** TASK GOAL **
Retype the records below exactly as they appear, but leave out any pictures.

────────

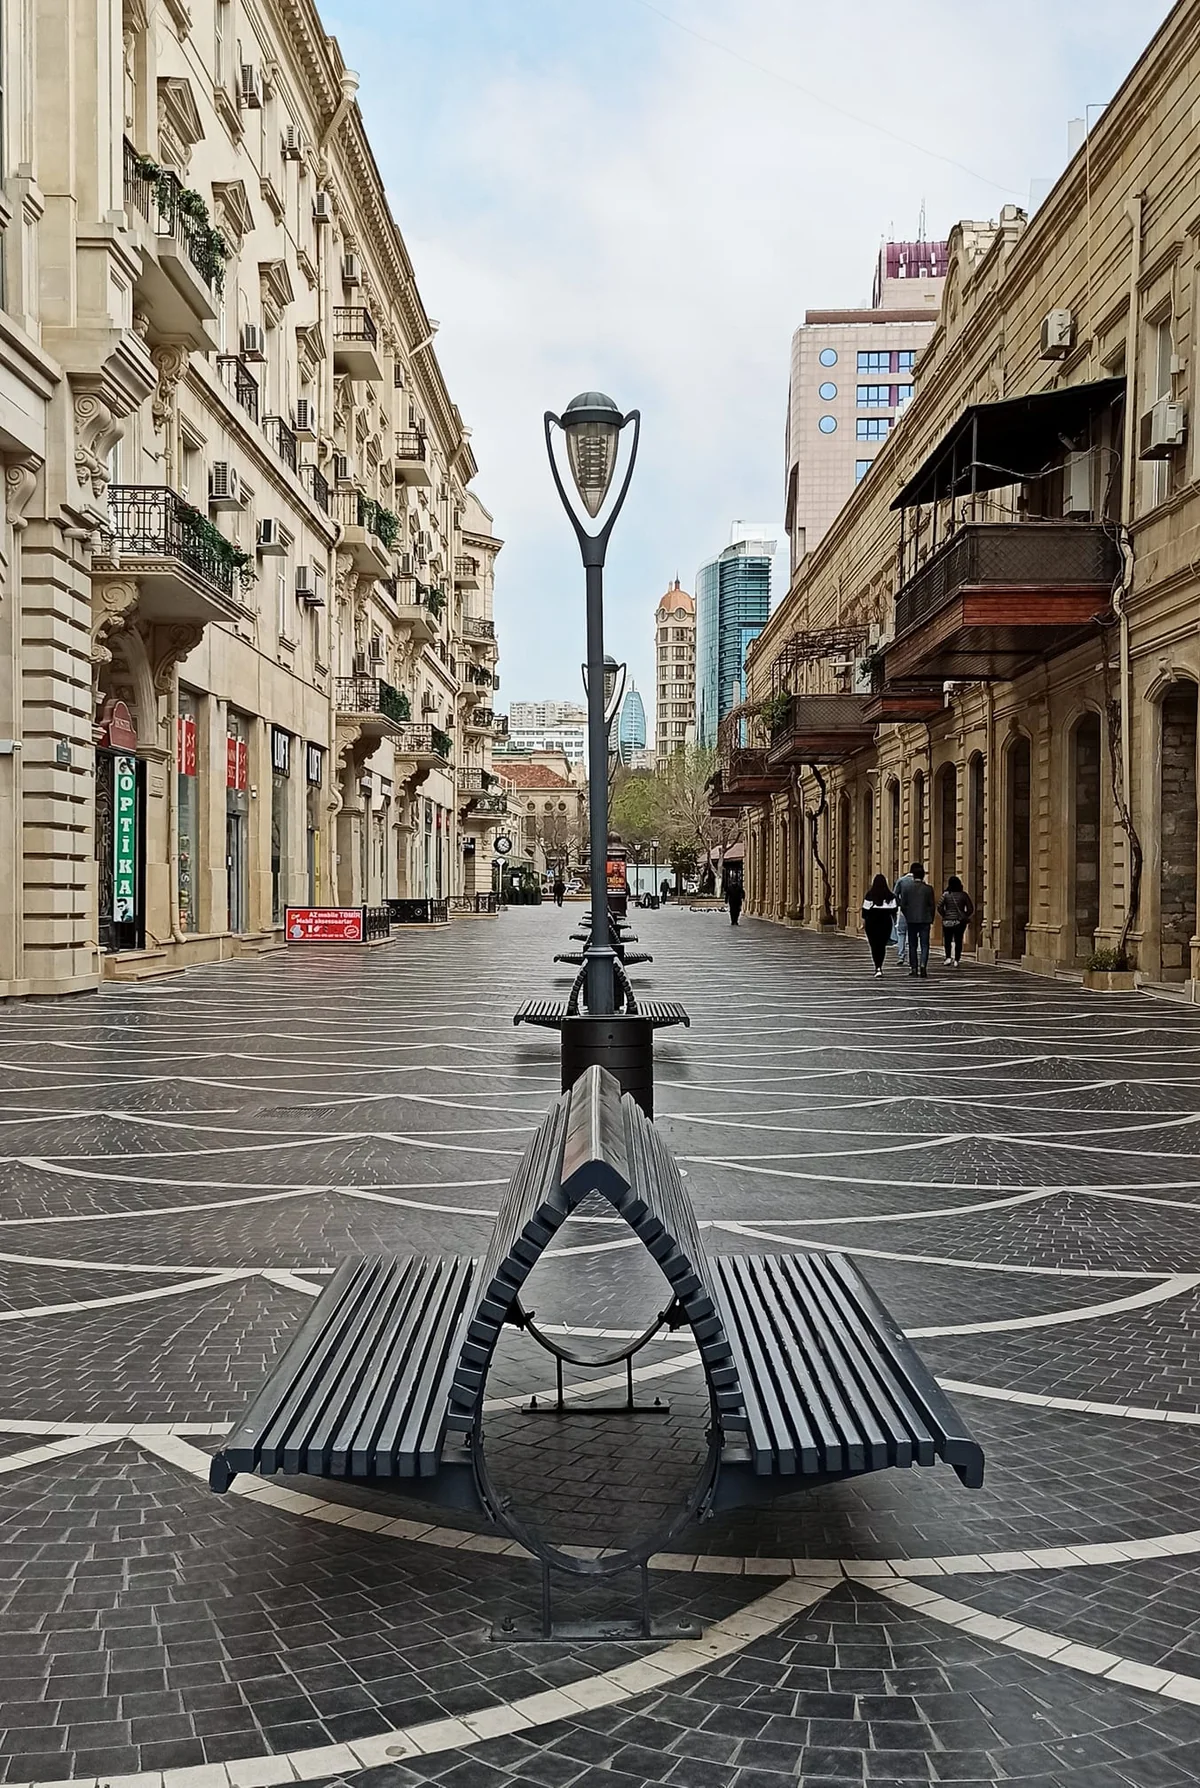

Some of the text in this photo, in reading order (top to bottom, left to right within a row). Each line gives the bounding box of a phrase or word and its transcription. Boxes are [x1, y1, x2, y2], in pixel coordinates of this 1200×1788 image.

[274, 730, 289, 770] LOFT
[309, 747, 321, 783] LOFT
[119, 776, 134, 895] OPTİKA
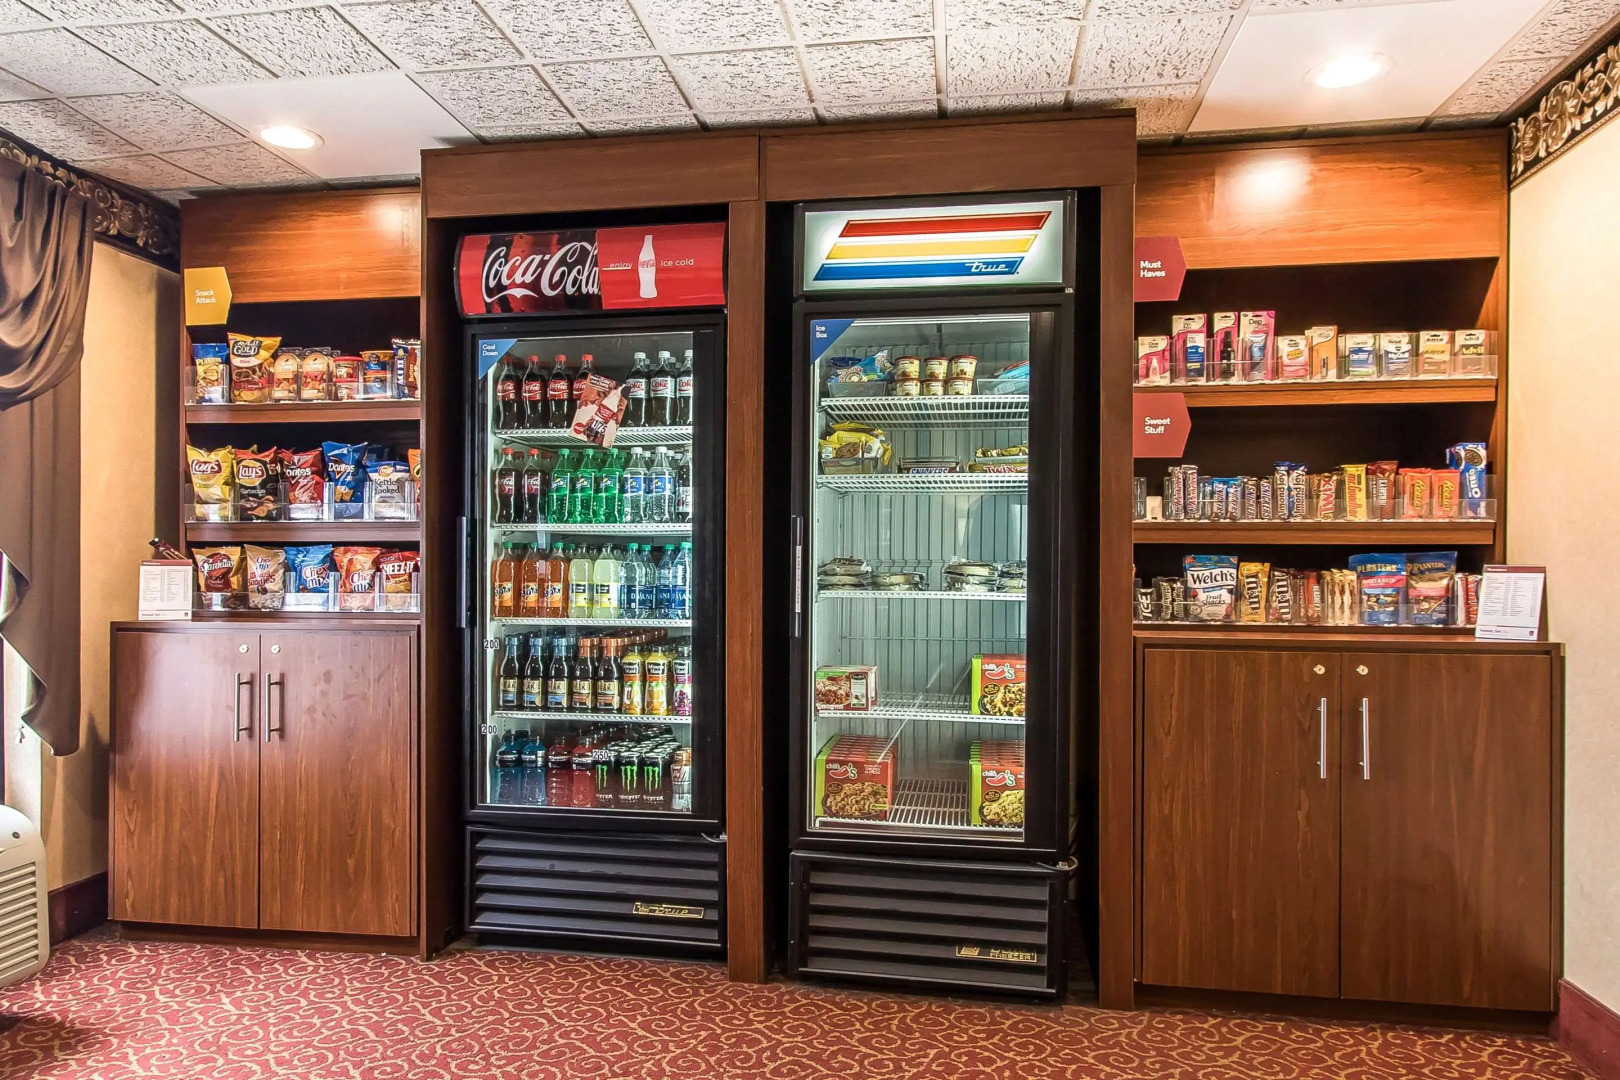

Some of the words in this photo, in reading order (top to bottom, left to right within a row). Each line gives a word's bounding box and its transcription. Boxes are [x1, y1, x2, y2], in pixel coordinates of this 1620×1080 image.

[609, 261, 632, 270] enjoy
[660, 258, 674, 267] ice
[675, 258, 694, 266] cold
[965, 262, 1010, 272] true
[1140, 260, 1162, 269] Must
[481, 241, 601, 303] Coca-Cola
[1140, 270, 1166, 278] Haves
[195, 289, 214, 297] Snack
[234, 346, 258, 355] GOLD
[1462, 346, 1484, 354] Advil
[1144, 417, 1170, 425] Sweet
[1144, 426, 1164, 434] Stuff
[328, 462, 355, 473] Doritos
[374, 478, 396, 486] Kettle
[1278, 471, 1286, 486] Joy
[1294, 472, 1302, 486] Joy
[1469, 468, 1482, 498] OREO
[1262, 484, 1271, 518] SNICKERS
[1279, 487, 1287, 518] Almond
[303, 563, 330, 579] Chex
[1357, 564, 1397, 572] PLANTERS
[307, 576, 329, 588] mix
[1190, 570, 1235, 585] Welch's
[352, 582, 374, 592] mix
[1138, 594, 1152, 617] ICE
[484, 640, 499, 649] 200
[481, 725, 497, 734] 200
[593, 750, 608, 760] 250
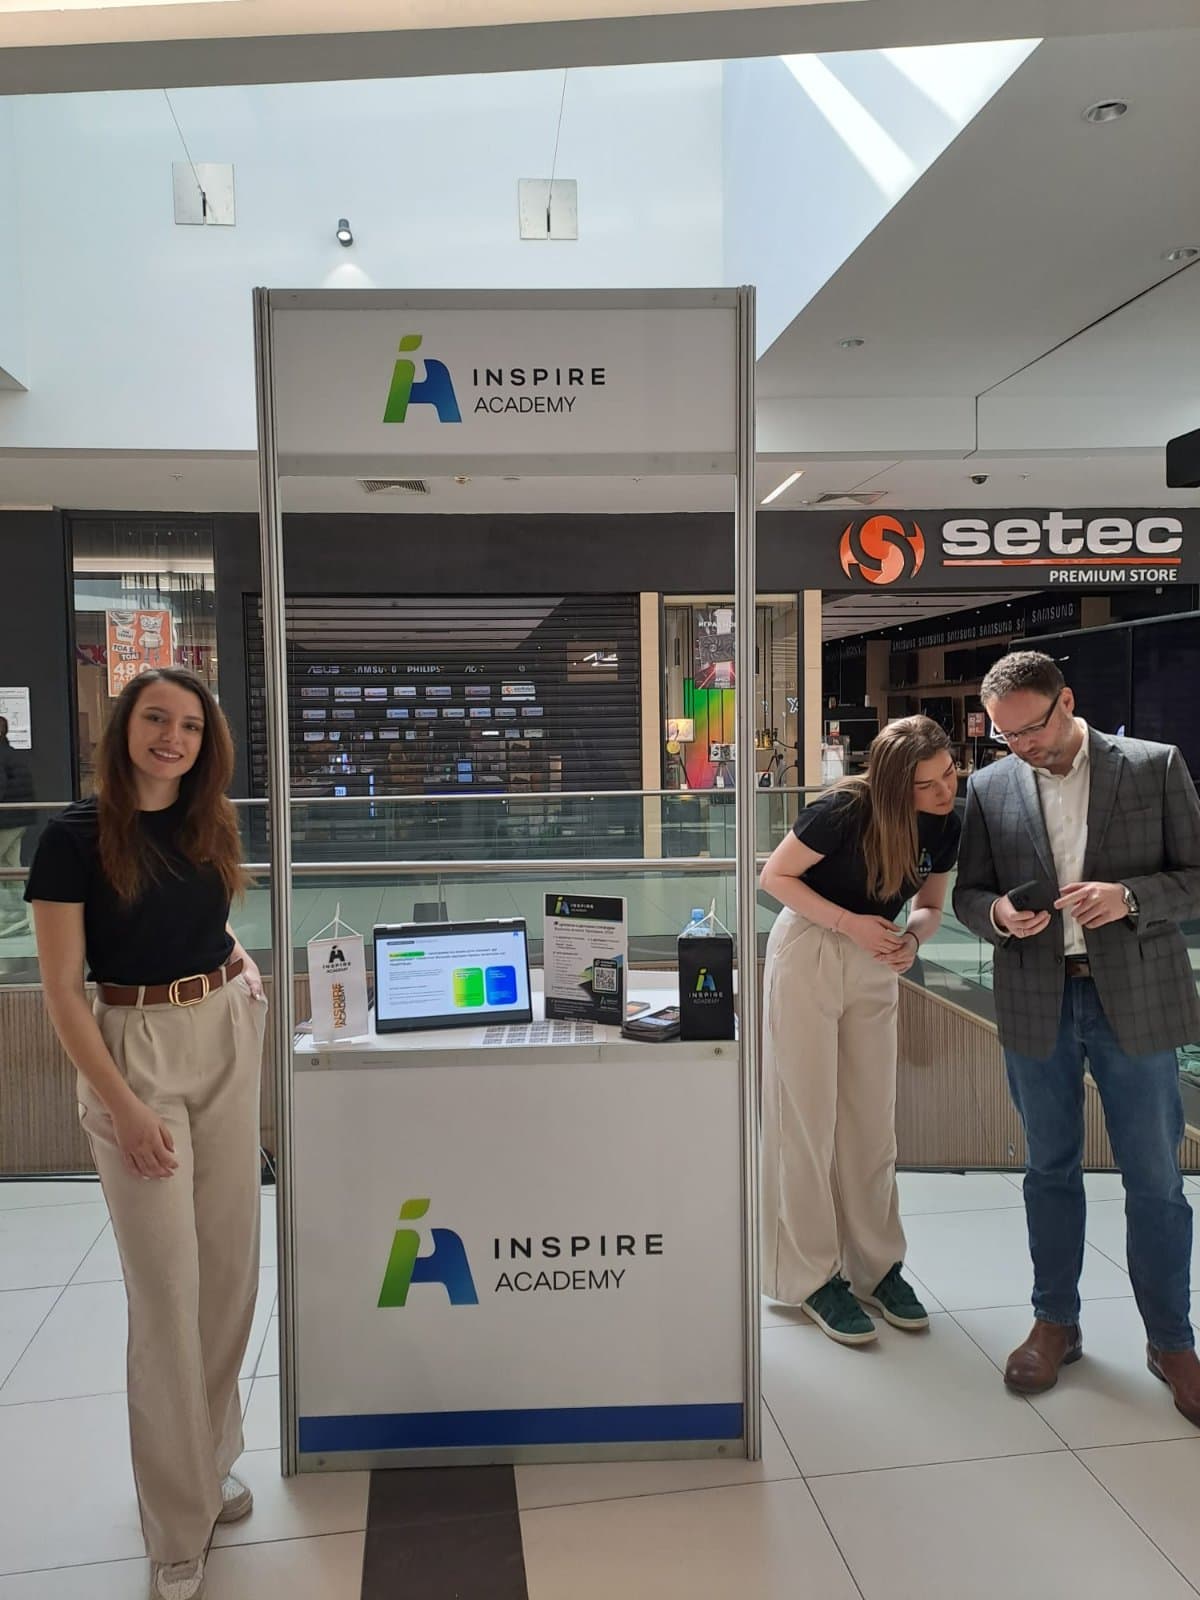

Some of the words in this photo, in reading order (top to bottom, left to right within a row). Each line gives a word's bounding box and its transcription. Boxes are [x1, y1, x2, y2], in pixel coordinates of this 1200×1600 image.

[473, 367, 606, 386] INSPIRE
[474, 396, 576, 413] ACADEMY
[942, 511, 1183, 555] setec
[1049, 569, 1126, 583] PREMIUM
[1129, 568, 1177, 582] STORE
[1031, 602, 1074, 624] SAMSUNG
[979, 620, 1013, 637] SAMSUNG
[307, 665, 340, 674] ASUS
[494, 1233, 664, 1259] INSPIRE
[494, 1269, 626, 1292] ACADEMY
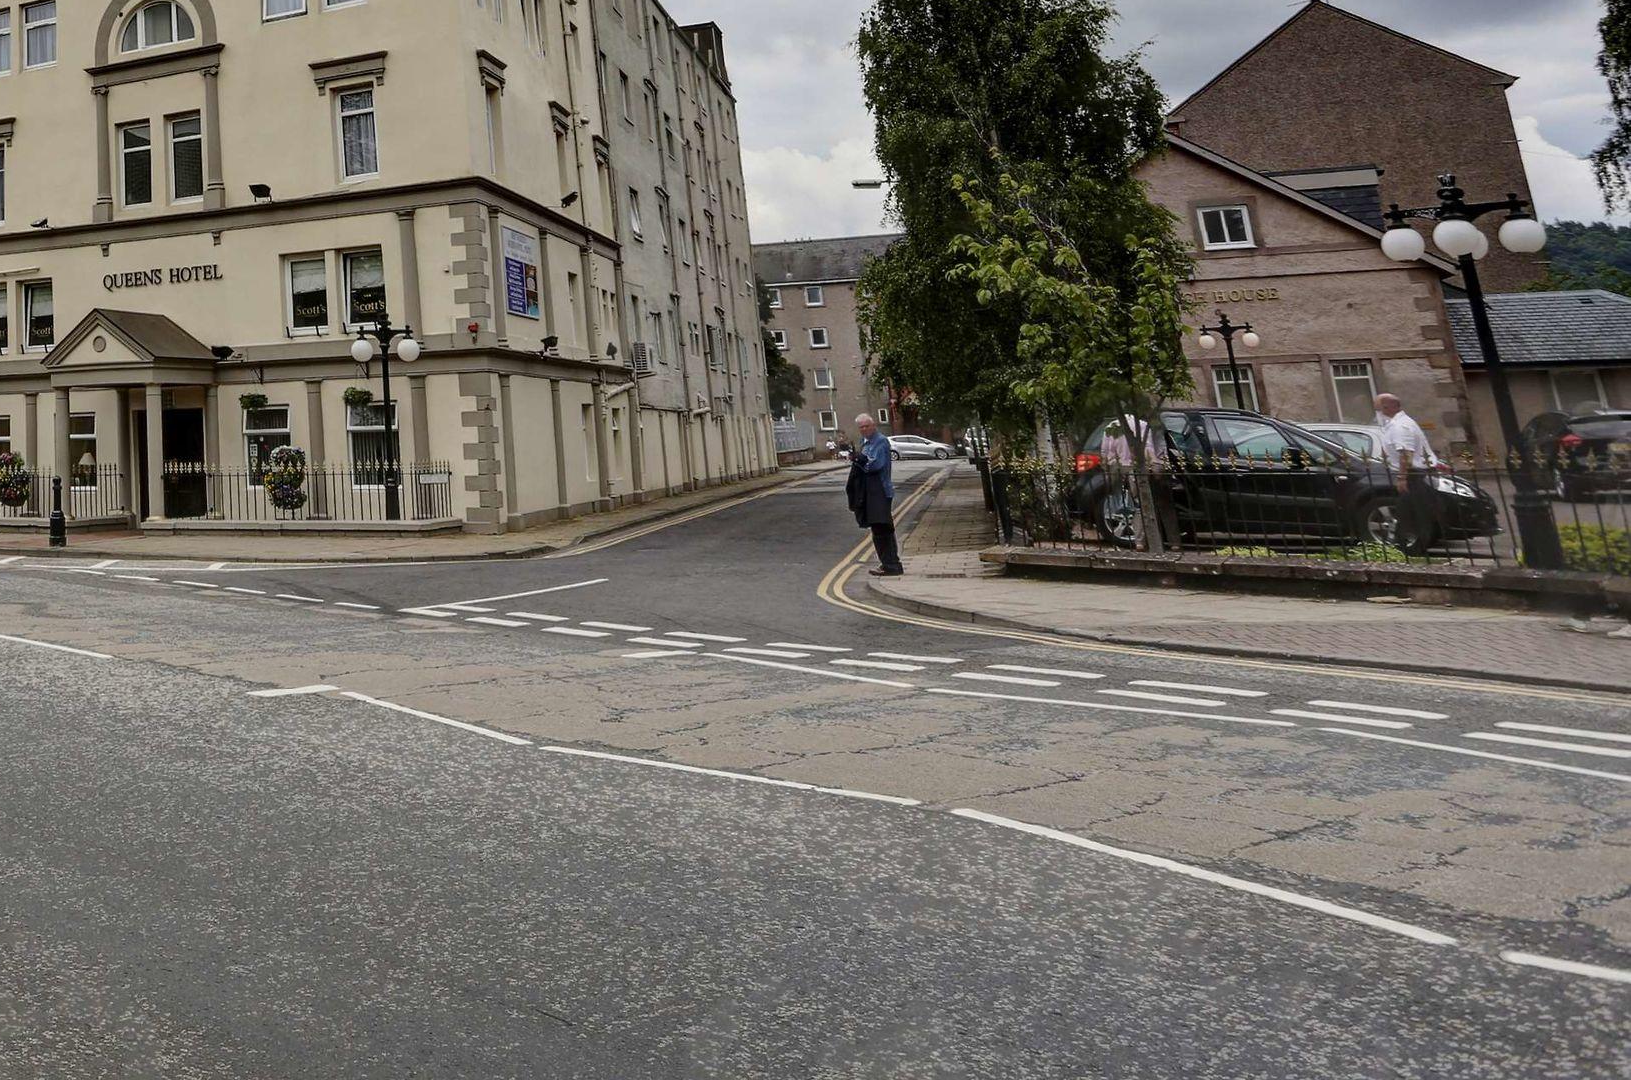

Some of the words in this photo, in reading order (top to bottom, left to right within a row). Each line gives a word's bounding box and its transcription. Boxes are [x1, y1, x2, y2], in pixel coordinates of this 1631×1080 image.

────────

** REPLY **
Some of the text in this photo, in reading order (top to bottom, left to right within a row). Each line gives the bounding box of a phrase or word and its transcription. Boxes are [x1, y1, x2, y2], in pixel coordinates of this 1200×1788 image.

[274, 730, 289, 770] LOFT
[309, 747, 321, 783] LOFT
[119, 776, 134, 895] OPTİKA

Some of the words in this photo, in reading order (top to bottom, left to right within a row). Each line gives a word's bounding box and its transcription. Boxes are [x1, y1, x2, y2], in pixel coordinates of this 1620×1080 image.

[609, 261, 632, 270] enjoy
[660, 258, 674, 267] ice
[675, 258, 694, 266] cold
[965, 262, 1010, 272] true
[1140, 260, 1162, 269] Must
[481, 241, 601, 303] Coca-Cola
[1140, 270, 1166, 278] Haves
[195, 289, 214, 297] Snack
[234, 346, 258, 355] GOLD
[1462, 346, 1484, 354] Advil
[1144, 417, 1170, 425] Sweet
[1144, 426, 1164, 434] Stuff
[328, 462, 355, 473] Doritos
[374, 478, 396, 486] Kettle
[1278, 471, 1286, 486] Joy
[1294, 472, 1302, 486] Joy
[1469, 468, 1482, 498] OREO
[1262, 484, 1271, 518] SNICKERS
[1279, 487, 1287, 518] Almond
[303, 563, 330, 579] Chex
[1357, 564, 1397, 572] PLANTERS
[307, 576, 329, 588] mix
[1190, 570, 1235, 585] Welch's
[352, 582, 374, 592] mix
[1138, 594, 1152, 617] ICE
[484, 640, 499, 649] 200
[481, 725, 497, 734] 200
[593, 750, 608, 760] 250

Some of the words in this photo, in reading order (top to bottom, left to right within a row). Each line gives a word's bounding box and its transcription. Boxes are [x1, y1, x2, y2], in pixel coordinates of this 1200×1600 image.

[473, 367, 606, 386] INSPIRE
[474, 396, 576, 413] ACADEMY
[942, 511, 1183, 555] setec
[1049, 569, 1126, 583] PREMIUM
[1129, 568, 1177, 582] STORE
[1031, 602, 1074, 624] SAMSUNG
[979, 620, 1013, 637] SAMSUNG
[307, 665, 340, 674] ASUS
[494, 1233, 664, 1259] INSPIRE
[494, 1269, 626, 1292] ACADEMY

Some of the words in this photo, in reading order (top to bottom, left to right within a row). Each line gives a word's bounding box and its transcription. Boxes are [x1, y1, x2, y2], in pixel coordinates of this 1631×1080 image.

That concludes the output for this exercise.